Carnivores around the world are more at risk of extinction due to their own intrinsic biological attributes than from an increasing human population with whom they share their space, say scientists in a study published this week. Researchers looking at all 280 carnivore species around the world estimated the risk of their extinction by 2030 based on a variety of different threats.
From Imperial College London:
Carnivore extinction risk determined more by biology than human population density, says study
Carnivores around the world are more at risk of extinction due to their own intrinsic biological attributes than from an increasing human population with whom they share their space, say scientists in a study published this week.
Researchers looking at all 280 carnivore species around the world estimated the risk of their extinction by 2030 based on a variety of different threats.
They found that while a high human population density is associated with a high extinction risk, its importance fell as biological traits were accounted for.

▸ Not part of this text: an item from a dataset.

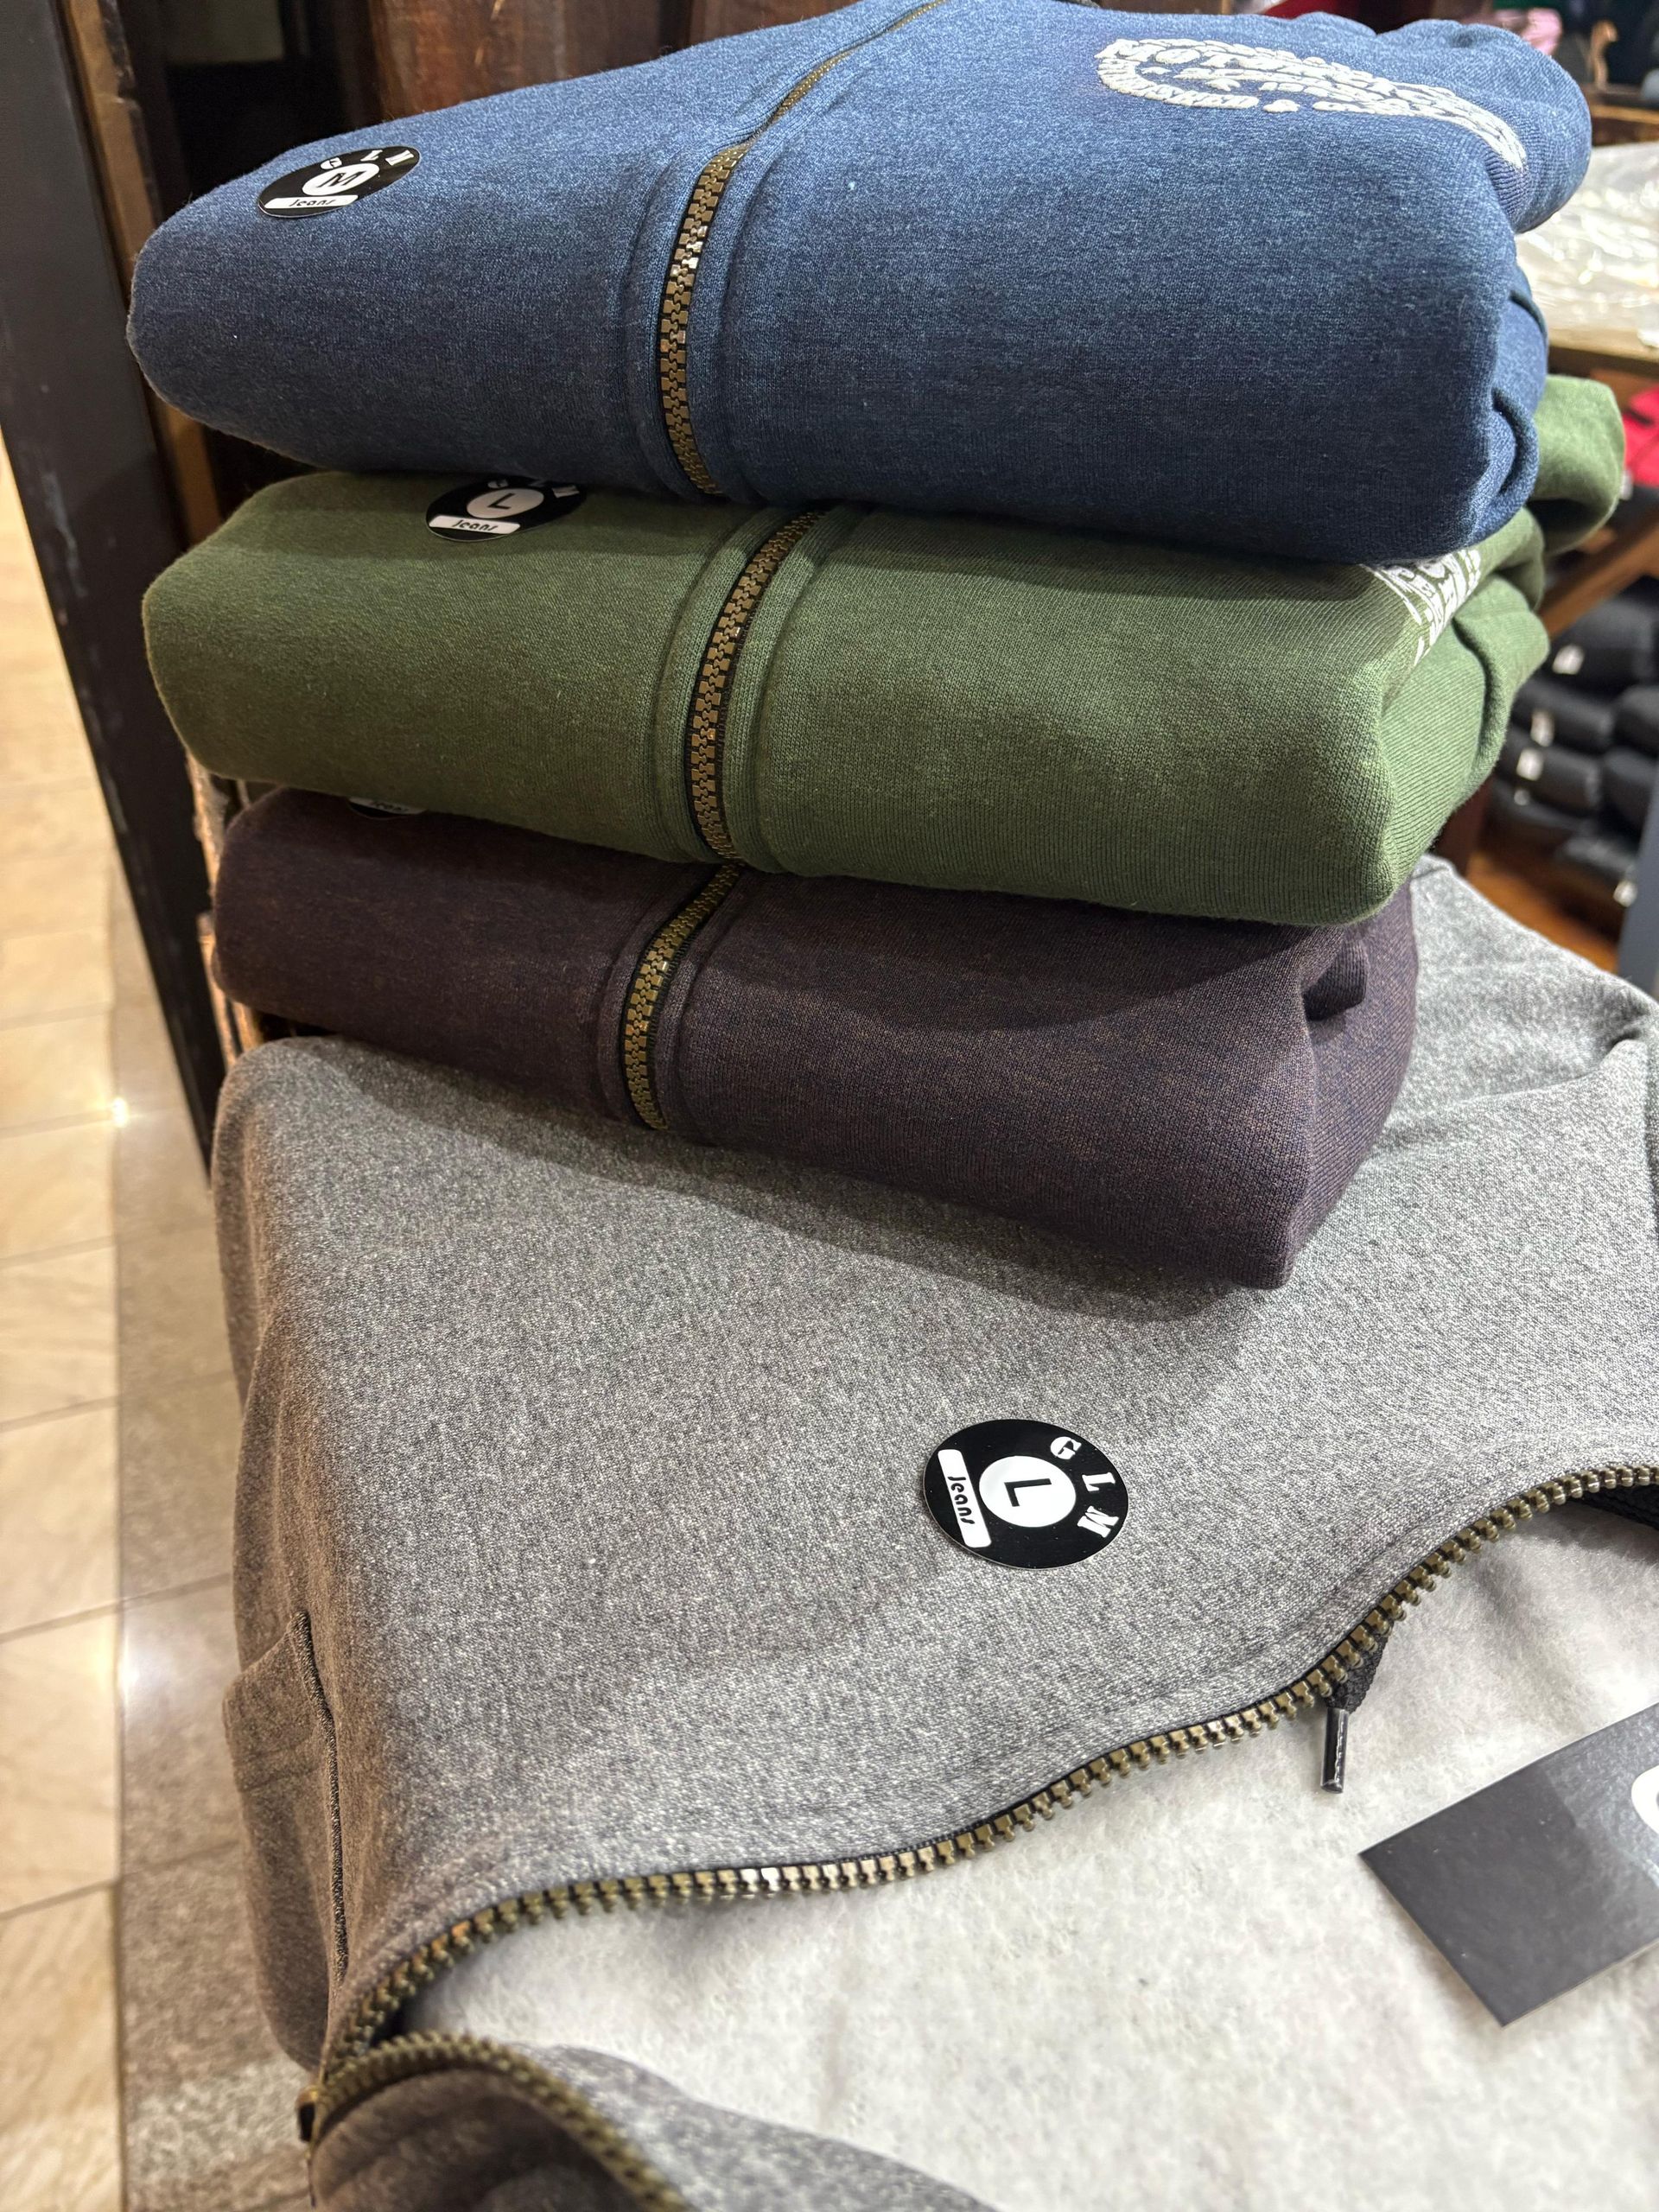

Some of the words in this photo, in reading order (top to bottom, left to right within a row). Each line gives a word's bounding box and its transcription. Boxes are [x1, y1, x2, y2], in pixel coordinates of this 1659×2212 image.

[316, 170, 367, 188] M
[486, 493, 515, 510] L
[947, 1475, 976, 1525] Jeans
[1004, 1478, 1052, 1508] L

Four traits in particular were associated with high extinction risk in carnivores: a small geographic distribution, low population density, high trophic level (position on the food chain), and long gestation period
Furthermore, biology is by far more important in determining risk of extinction when combined with high human population density.
”When species face severe external threats, their biology becomes much more crucial,” says Dr Marcel Cardillo, a postdoctoral research fellow in the Department of Biological Sciences at Imperial, and first author of the paper.

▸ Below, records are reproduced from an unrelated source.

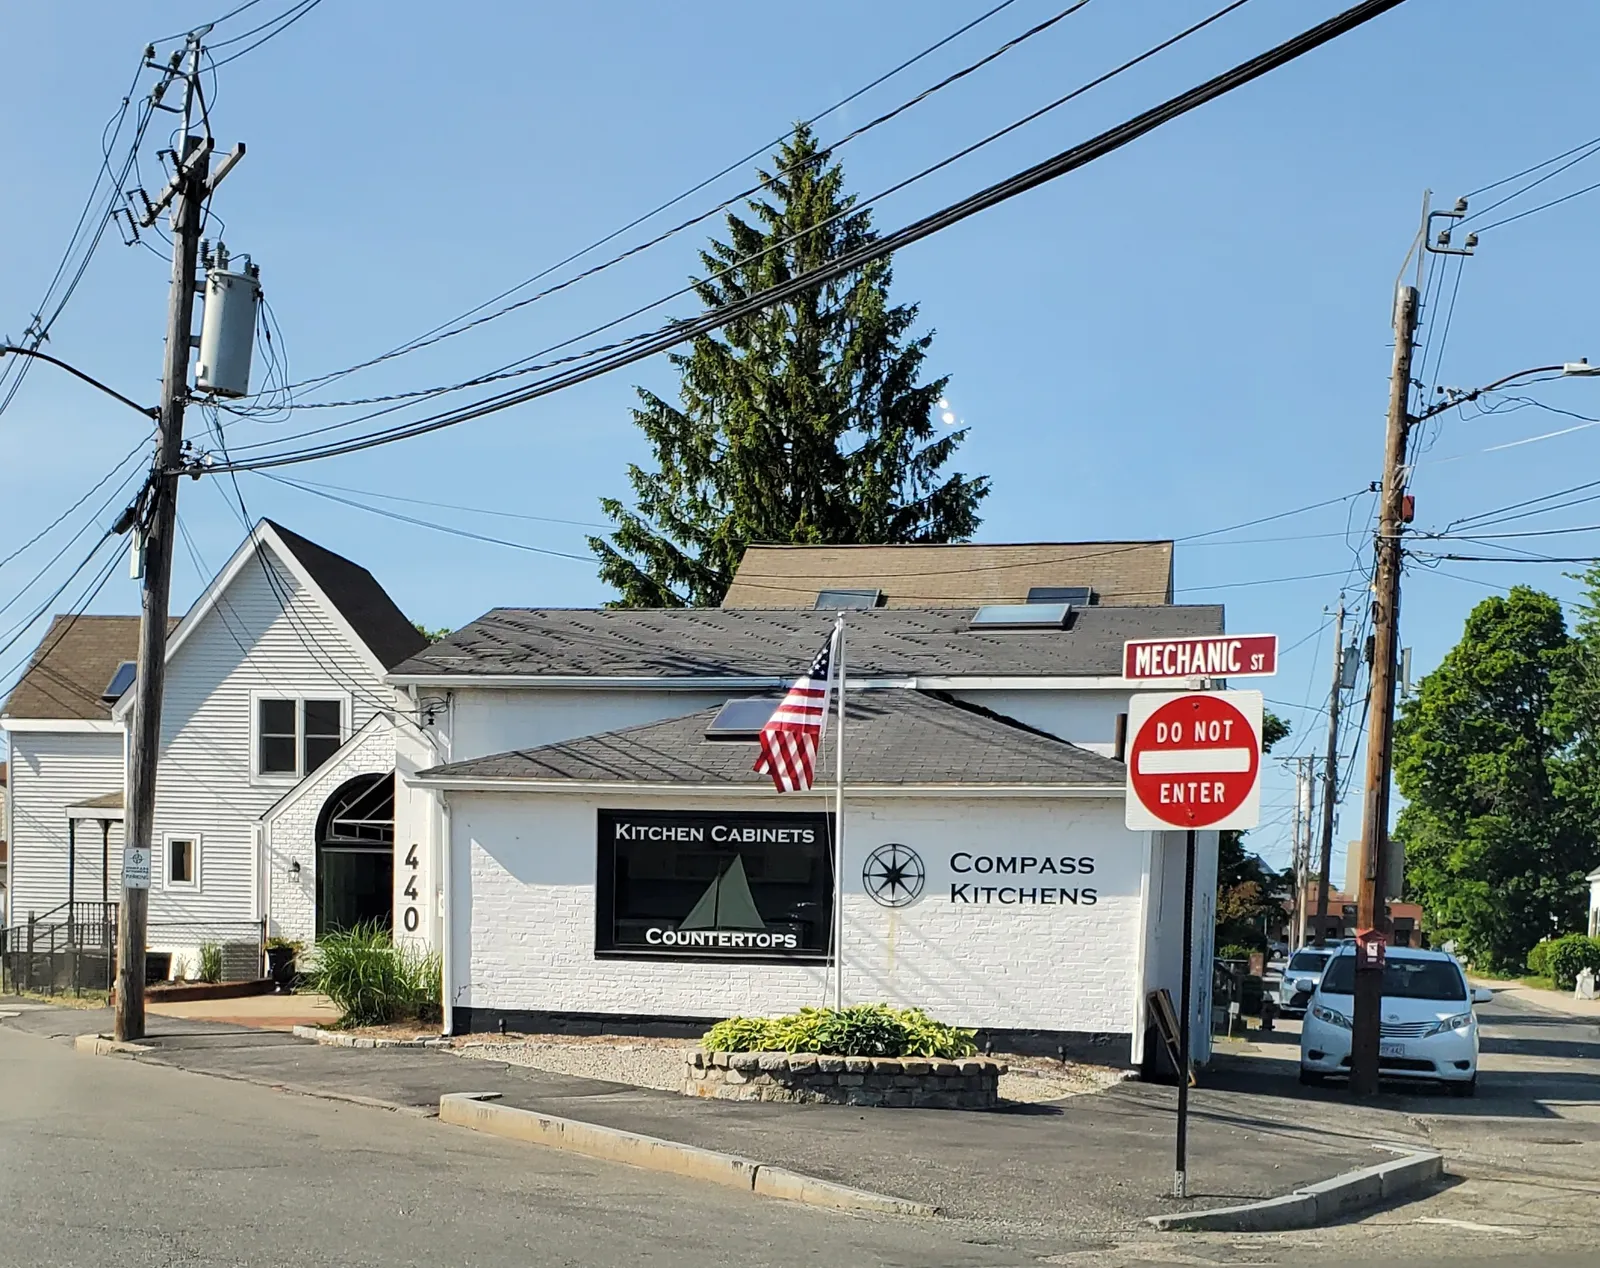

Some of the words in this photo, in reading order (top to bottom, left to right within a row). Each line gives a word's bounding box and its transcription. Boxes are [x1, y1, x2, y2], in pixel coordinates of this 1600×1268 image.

[1135, 641, 1242, 676] MECHANIC
[1250, 653, 1265, 671] ST
[1156, 721, 1183, 743] DO
[1194, 719, 1233, 742] NOT
[1160, 782, 1225, 804] ENTER
[404, 843, 419, 932] 440

Writing in the July issue of PLoS Biology, the authors conclude that there is no room for complacency about the security of species simply because they are not currently considered globally threatened.
”There is a strong case to be made for pre-emptive conservation of species — that live in regions of rapid human population growth and have a biology predisposing them to decline,” they write. They highlight in particular the threat to African viverrids, or civets and genets, even though they are currently considered relatively safe.

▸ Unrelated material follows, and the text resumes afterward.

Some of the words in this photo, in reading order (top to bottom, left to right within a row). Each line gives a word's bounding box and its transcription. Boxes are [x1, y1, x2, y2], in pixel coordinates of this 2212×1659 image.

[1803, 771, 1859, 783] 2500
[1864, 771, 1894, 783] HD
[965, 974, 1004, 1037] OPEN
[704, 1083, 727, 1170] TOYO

The authors, from Imperial College London, University of Virginia, USA, and the Institute of Zoology, suggest action now would offset greater danger later: ”Arguably, maintaining the stability of particularly susceptible species before they become threatened could be more cost-effective in the long term than postdecline attempts to rescue them from the brink of extinction,” they conclude.
They suggest pre-emptive action including the establishment of population monitoring programs, or listing species under national species protection laws on the basis of potential future susceptibility.
”We need to keep an eye on species before they start declining to extinction,” said Dr Cardillo. ”What we think is safe now may soon go through a rapid decline. We shouldn’t be too confident about the species around us now.”
”This is a preliminary study, the first to examine a global level of extinction risk at the species level and at the same time consider biology’s intrinsic influence. Now we intend to extend our methods to all 4,500 terrestrial mammals, to see if there are general predictors of extinction risk and that these rules apply between orders of animals.”
In the PLoS study, the researchers took all 280 of the well-characterised carnivore species and assessed human impact on each of them using the human population density within their geographical distribution. This was tested together with a range of biological traits, to determine the most important predictors of extinction risk status, within a comparative statistical model.
As a measure of extinction risk status they took each species’ position on the IUCN-World Conservation Union Red List which rates how likely a species is to become extinct, ranked in six categories from ‘Least Concern’ to ‘Critically Endangered’.
The research was funded by the Natural Environment Research Council, Conservation International’s Center for Applied Biodiversity Science and the National Science Foundation.